Come previsto, i senatori incalzano sulla tempistica intercorsa fra quella che è stata indicata come il momento di presa di coscienza del problema (2015) e quello dell'intervento concreto. E' in particolare John Tune, del South Dakota, a rimarcare su questo aspetto, con Zuckerberg che replica senza entrare a fondo nel merito: “Non dobbiamo solo costruire strumenti, ma anche assicurarci che vengano usati bene. Sappiamo che Cambridge Analytica potrebbe aver raggiunto 87 milioni di persone. Ci vorrà del tempo, ma andremo fino in fondo e ci assicureremo che non accada più”. Decisamente più ficcante l'affondo di Thune: “Quattordici anni passati chiedendo scusa, chi ci assicura che oggi andrà diversamente?”. Il Ceo ribatte sul piano aziendale: “Nel complesso, direi che stiamo attraversando un cambiamento filosofico più ampio all’interno dell’azienda: è necessario assumere un ruolo proattivo”. Poi spiega: “La pubblicità non avrà mai la priorità, almeno finché ci sarò io al comando”.

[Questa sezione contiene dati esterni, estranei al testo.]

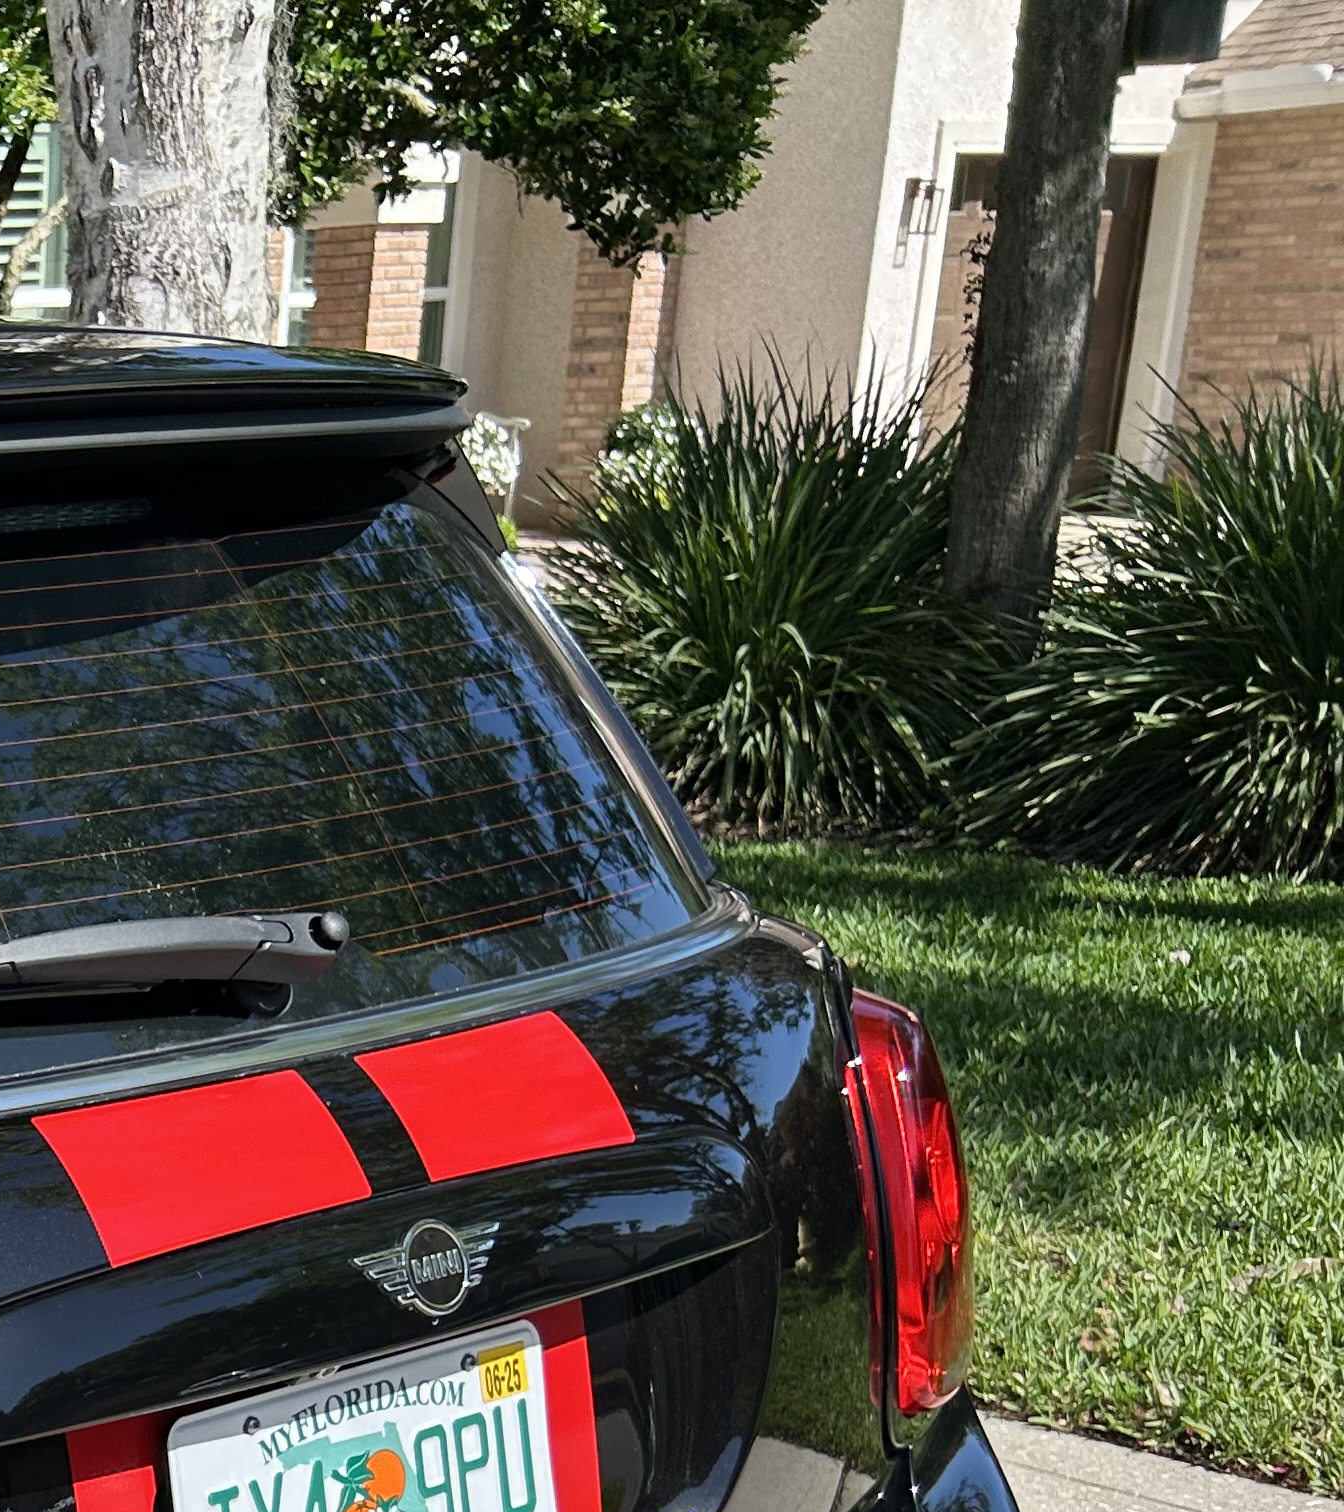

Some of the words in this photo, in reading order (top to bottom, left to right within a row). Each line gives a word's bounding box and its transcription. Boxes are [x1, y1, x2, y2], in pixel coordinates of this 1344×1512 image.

[410, 1248, 463, 1284] MINI
[485, 1358, 522, 1399] 06-25
[257, 1376, 465, 1466] MYFLORIDA.COM

“Non facile non commettere errori”
Particolare anche l'attenzione sulle quantità di dati utilizzati e su come (e soprattutto in quale misura) il social prende informazioni sul conto degli utenti: nei giorni scorsi, uno scandalo nello scandalo parlava di un Zuckerberg che avrebbe ammesso, in un'intervista a 'Vox' ripresa dal Daily Mail, che Facebook avrebbe posto sotto controllo i contenuti dei messaggi nelle chat Messenger. A questo proposito, il fondatore spiega che vengono presi solo i dati necessari per far funzionare la piattaforma e che questi non vengono venduti. Il senatore Nelson chiede poi al Ceo come mai “nel 2015, quando avete capito che Cambridge Analytica era entrata in possesso di quelle informazioni, non avete avvertito gli 87 milioni di utenti?”. Emblematica la risposta: “Abbiamo chiesto di cancellare quei dati a Cambridge Analytica e ci siamo fidati della risposta. E’ stato chiaramente un errore. Non è facile non commettere errori quando si costruisce un’azienda del genere in un garage nel 2004 e si arriva a due miliardi di utenti”.
La rivelazione
Ma non solo. Nell'ambito dello scandalo Cambridge Analytica c'è stata più di un'occasione per qualche collegamento con il Russiagate per appurare se, nell'ambito dell'appropriazione dei dati, qualcuno possa essere finito in mani russe. Per Zuckerberg non è possibile saperlo. Sa, invece, che durante le presidenziali del 2016 C.A. non ha lavorato “soltanto per Trump” ma “abbiamo supportato la campagna di Trump come gli altri candidati”. Restando sul campo della privacy, altro argomento caldo, il Ceo promette: “Non possiamo comunicare tutti i dettagli altrimenti nessuno leggerebbe le condizioni di contratto ma faremo in modo che il testo sia più breve e più chiaro”. Sul lato Cambridge Analytica, però, la questione resta importante. E non tanto nel caso specifico, quanto nel quadro più ampio della diffusione dei dati i quali, dice Zuckerberg, dopo essere stati acquisiti da Aleksandr Kogan tramite 'This is your digital life', potrebbero essere stati venduti anche ad altri. Zuckerberg si dice pronto a indagare su quali potrebbero essere le aziende beneficiarie di tale raccolta dati, ritardando colpevolemente però un'informazione pur così importante. Una rivelazione che alimenta la strisciante sensazione che il periodo di buio, nonostante la risalita a Wall Street, possa essere rinforzato da nuove ombre.